#480 Her affectionate nature no.2

“Ugh,” I groaned. I was over it. Baby girl was going for yet another book.

Any other night and I would have just bared it. Tonight however, I was feeling ‘it’ again. Under the weather. Tired. Weak. Sore throat. The last few weeks this is how I’ve been… how we’ve all been. The cold comes, the cold goes.

Great, I thought. This Winter cold is ‘up’ again.

She came back to her bed with a second book, while I closed my eyes and willed myself to remain calm.

The sooner I read it, the sooner it’ll be over, and then I’ll be able to go to sleep.

I started reading an old faithful: In The Night Garden.

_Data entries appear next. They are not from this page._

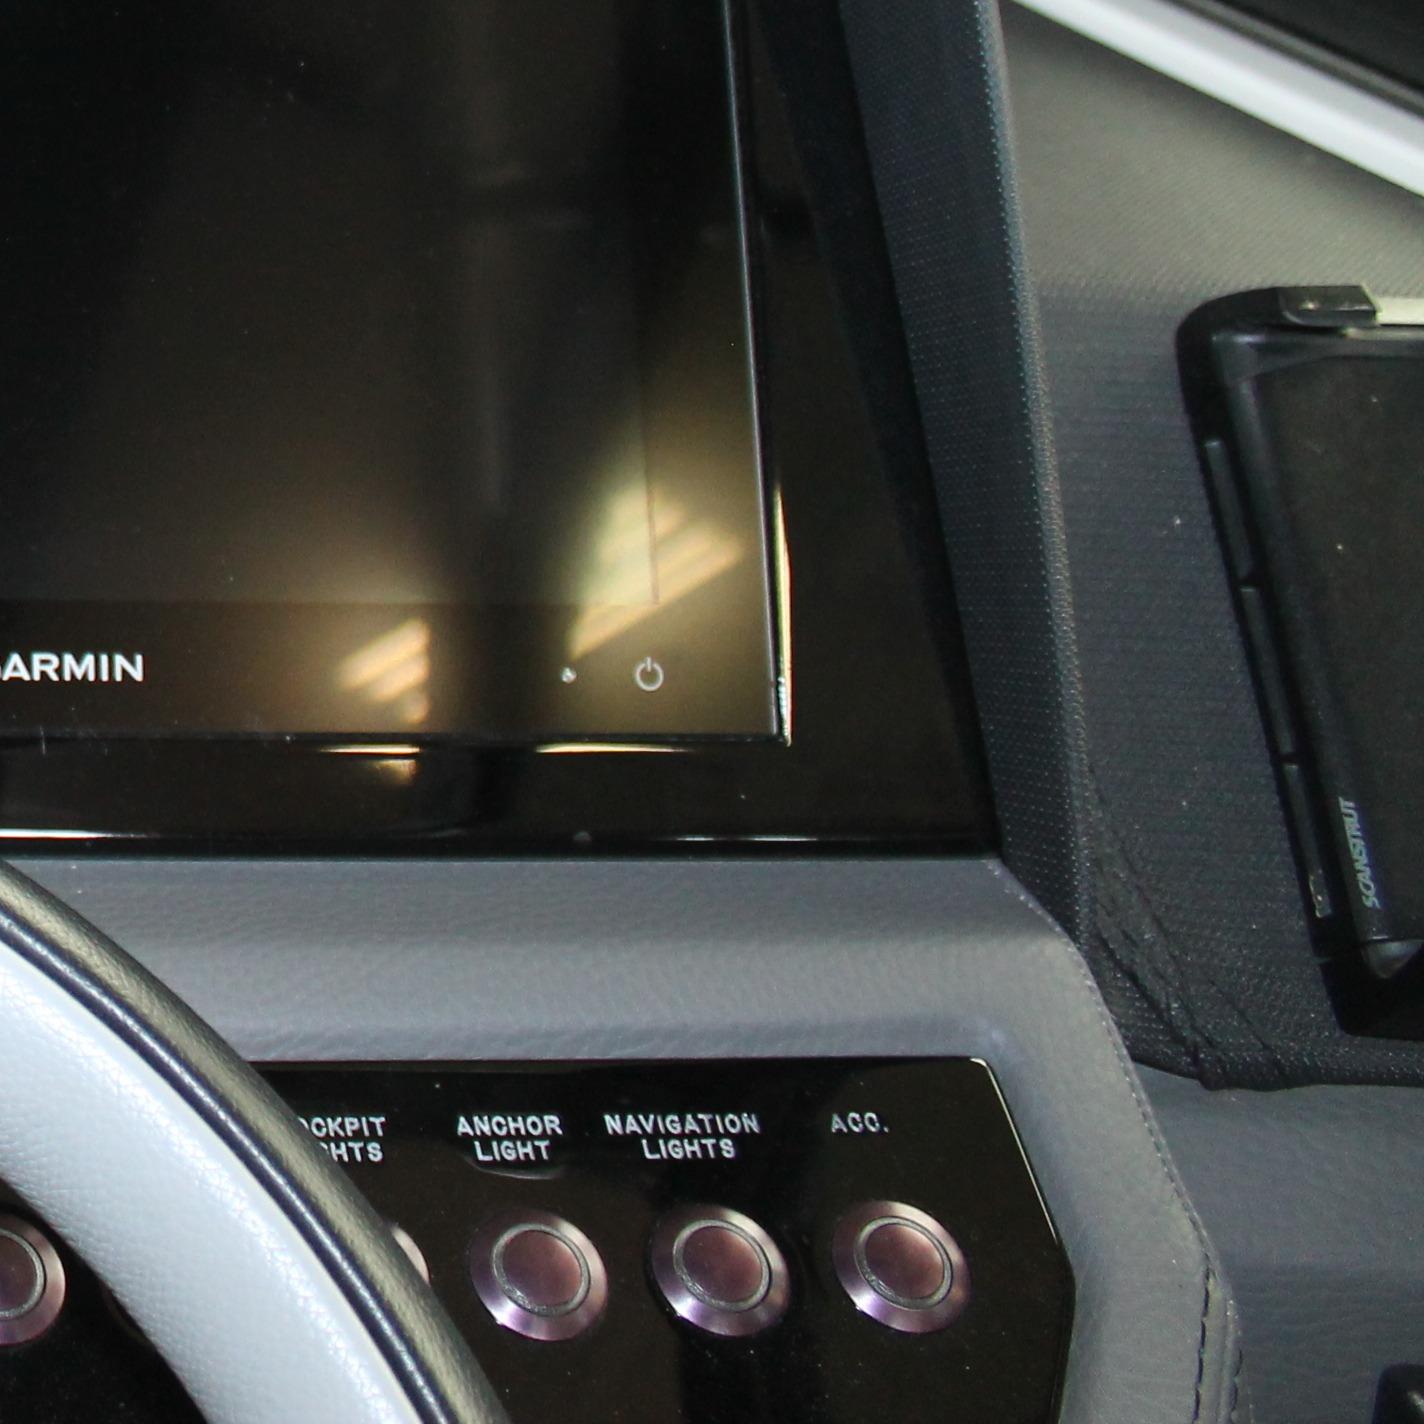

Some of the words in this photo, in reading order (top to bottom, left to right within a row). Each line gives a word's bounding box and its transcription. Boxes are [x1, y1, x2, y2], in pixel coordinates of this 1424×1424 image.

[1337, 796, 1381, 909] SCANSTRUT
[297, 1116, 387, 1138] CKPIT
[456, 1114, 563, 1137] ANCHOR
[603, 1112, 760, 1135] NAVIGATION
[830, 1111, 890, 1134] ACC.
[473, 1139, 551, 1162] LIGHT
[641, 1138, 736, 1160] LIGHTS
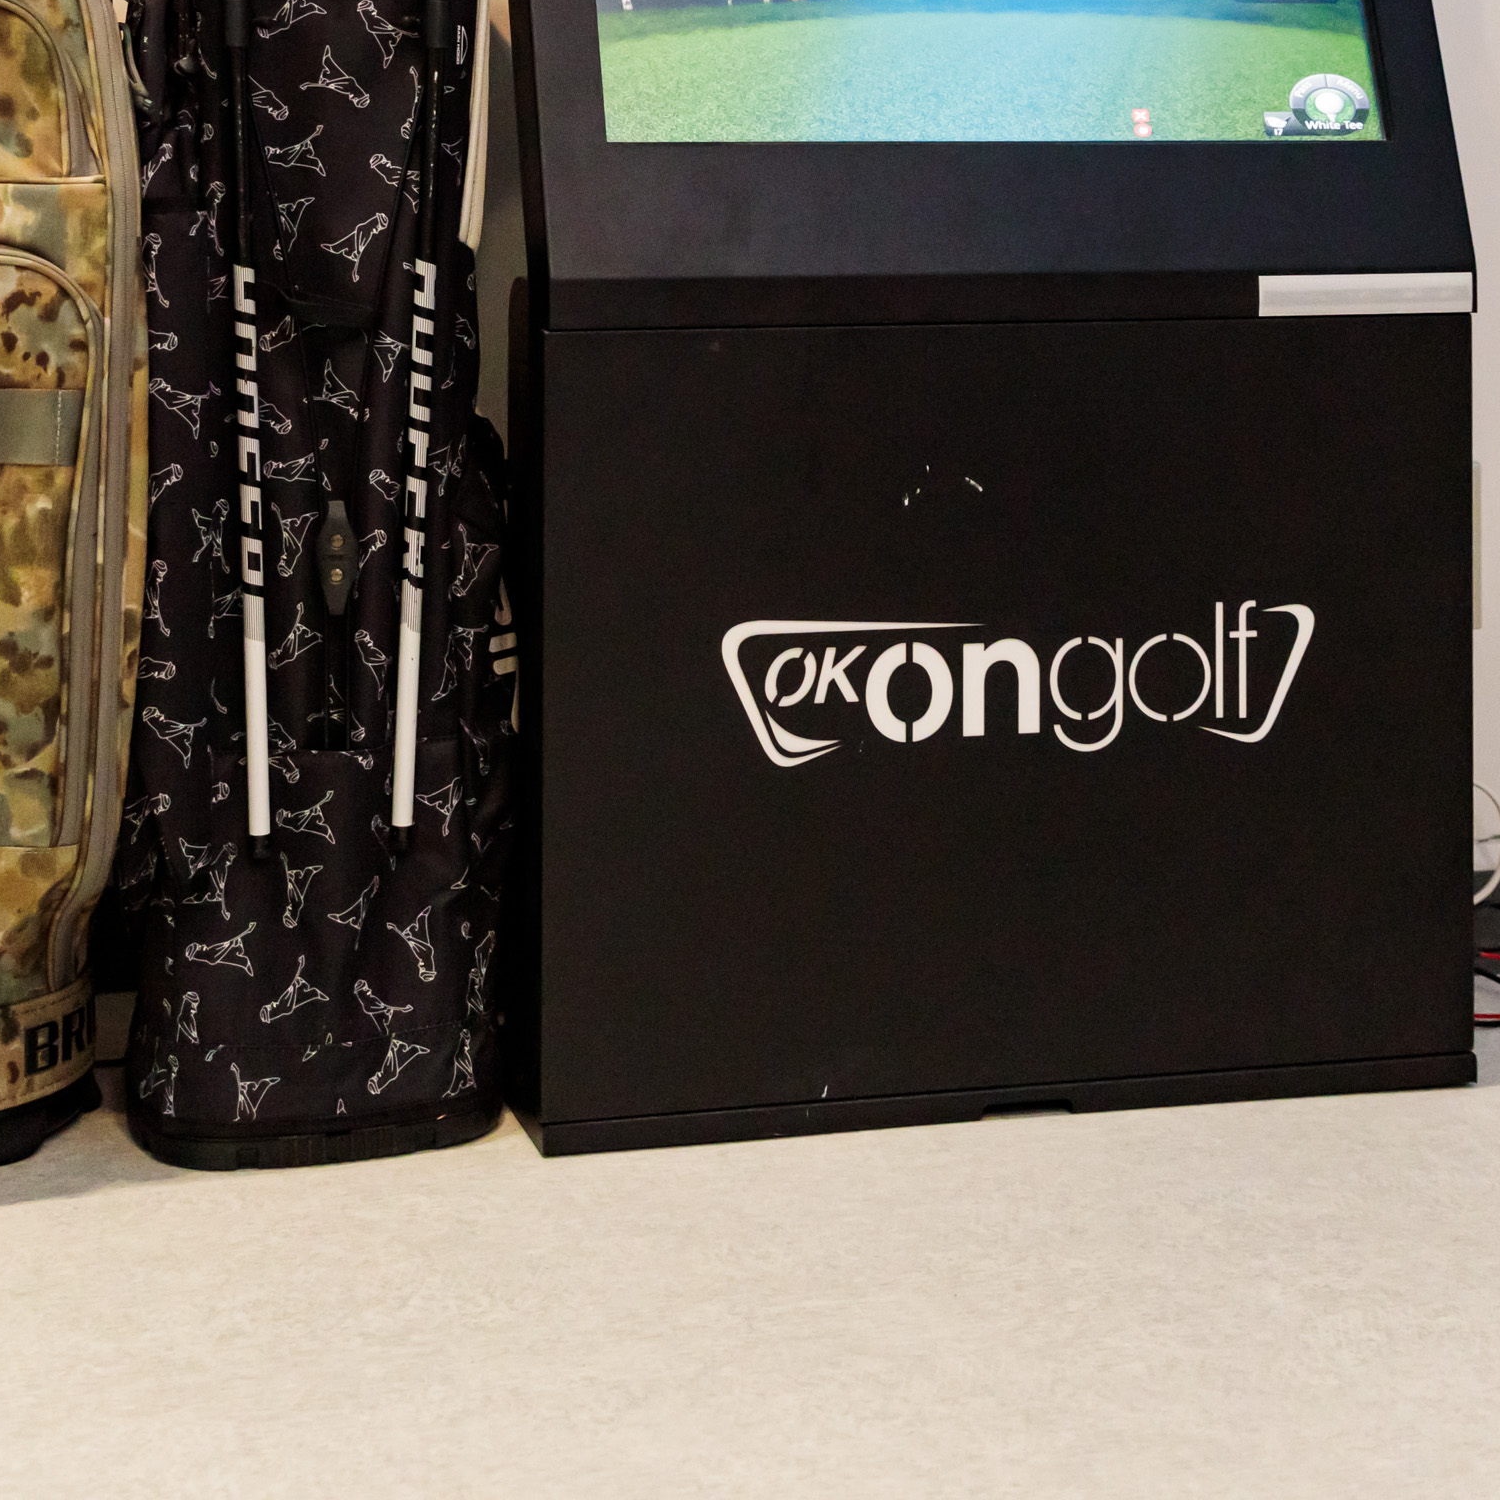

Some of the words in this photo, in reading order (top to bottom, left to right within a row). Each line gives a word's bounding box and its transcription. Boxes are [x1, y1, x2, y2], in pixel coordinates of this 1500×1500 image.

[1337, 78, 1364, 100] Menu
[1305, 120, 1341, 130] White
[1343, 120, 1364, 130] Tee
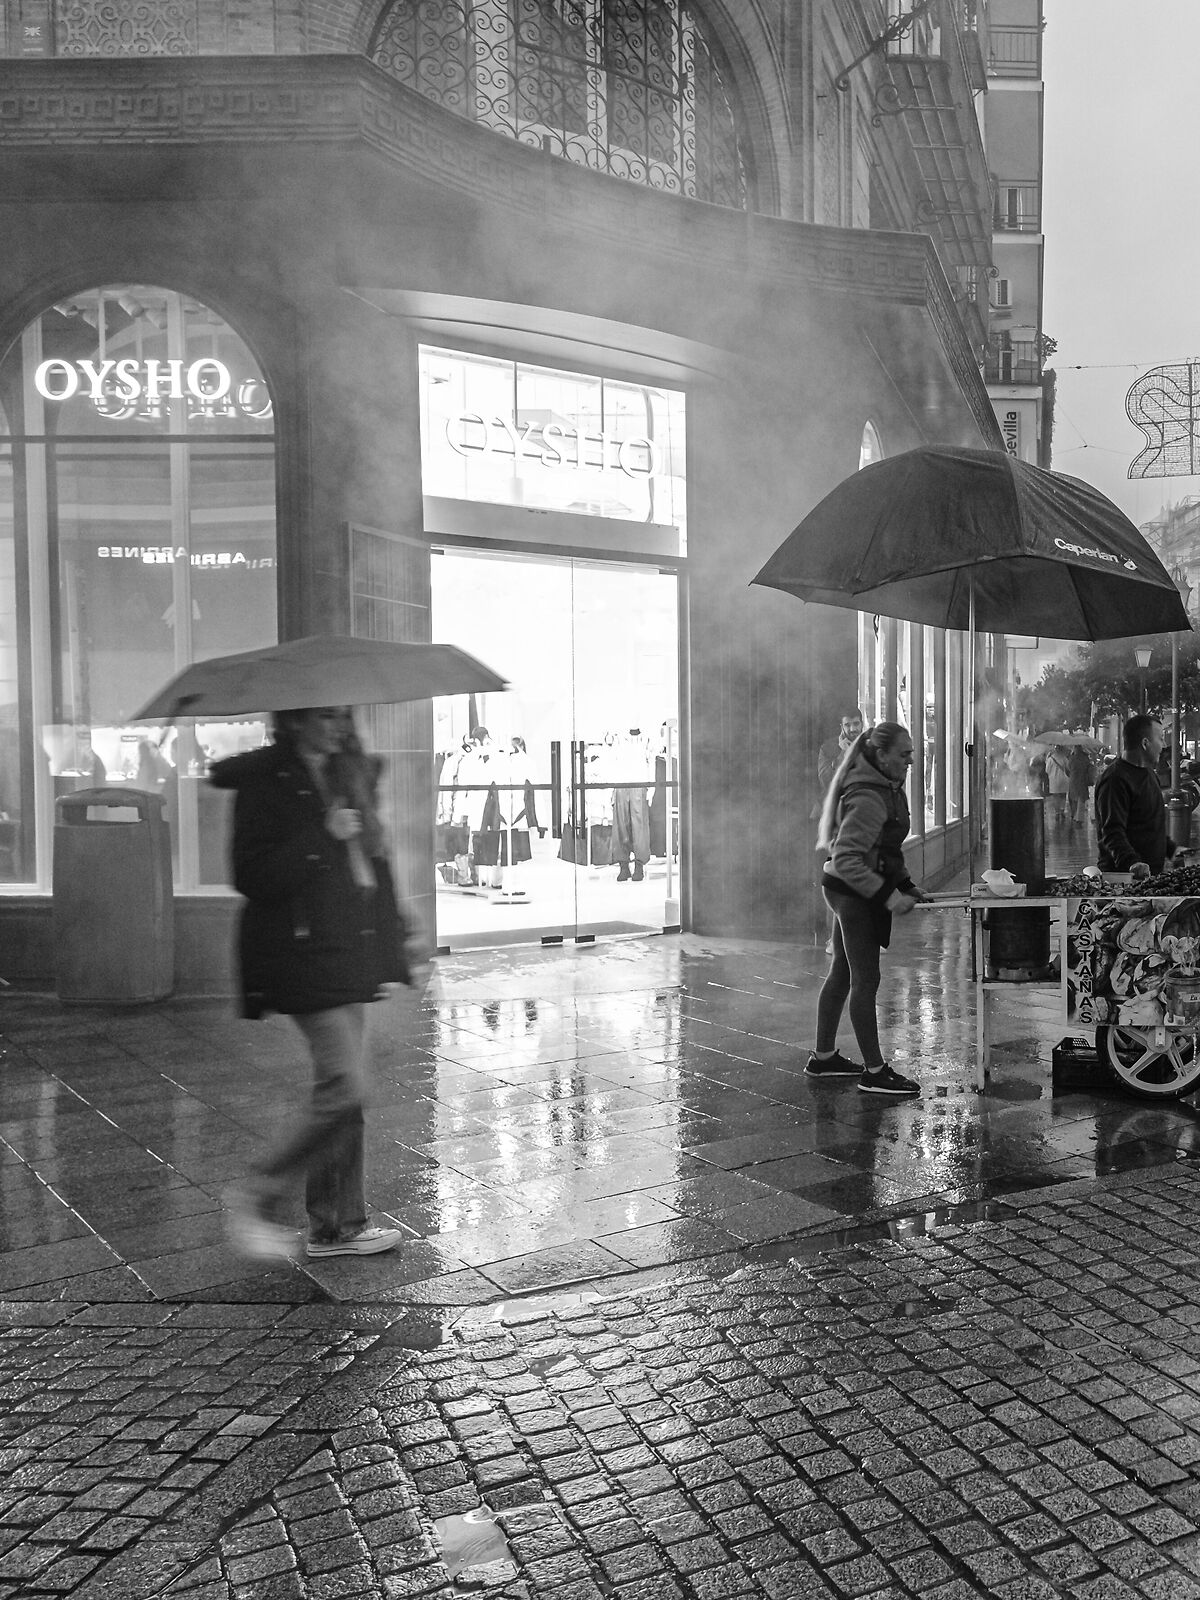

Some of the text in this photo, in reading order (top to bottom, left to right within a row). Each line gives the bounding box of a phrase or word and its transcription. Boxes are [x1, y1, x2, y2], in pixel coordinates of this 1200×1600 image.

“The night is black and the stars are bright,

and the sea is dark and deep,

and someone I know is safe and snug

and drifting off to sleep…”

Baby girl was grabbing at my free hand, and appeared to be doing something to it… tickling it? Was she drawing circles in it the way I used to do to her hand, during this part of the story?

It occurred to me as she straightened my fingers. “Do you want to hold hands?” I closed mine around hers.

“Yeah.”

Awww. Immediately, all the frustration I’d been feeling melted away. She wanted to hold hands and have me read to her? This girl is the cheekiest and smartest and most challenging of monkeys at times, but when she pulls things like this, my heart can barely cope with the onslaught of love. Simultaneous guilt for wanting to go and sleep, versus enormous gratitude for this moment emerged.

Always more gratitude though, because glass half-full gal and all…

I squeezed her hand into mine and kept reading.

“Round and round a little boat,

No bigger than your hand.

Out in the ocean,

Far away from land…”

 

#476 The Joy of Jumping

Today was a fabulous day. And the most of it was spent at home.

My wish of having a real low-key, family-fuelled and catch-up weekend at home was fulfilled these last two days. Last night was super-chilled, and likewise it was all about us three even before the blinds were opened on this lazy Sunday morning.

Cuddling in bed, even taking silly selfies! Laying about ’til 10am.

Then doing not only a fun but family-oriented task, but ticking off a huge, massive, GINORMOUS to-do that has been staring at us in the face since we packed the 3 large boxes into the garage about 3 months ago.

We finally put together baby girl’s trampoline.

It’s not that we didn’t want to – as always, it was lack of time and opportunity. Always busy, always working. You need two people to construct it, and finding a spare 2 hours to do it, when we didn’t already have plans or there was something more pressing, especially in light of daylight savings ending (pardon the pun), was proving really, really hard.

But today… we did it. 3 hours worth of constructing, some light snacks in between, baby girl stealing springs from us, and then nearly screwing up the poles in the final installation… but we did it baby.

IMAG4328

This girl, is going to jump to the sky in that thing. It’s not just the fact that I’m so grateful this big job is finally complete, but that huge yellow thing in our backyard, is tangible proof that today was enjoyed by all.

It was actually, the BEST day.

#448 Early night

So, it’s 11:40pm as I write this. Clearly, I’M still up.

But, what makes the difference is I have had alone time since 10pm. This hasn’t happened in a LONG TIME.

For the first time in Forever… wait, I sound like a Disney movie. Start again.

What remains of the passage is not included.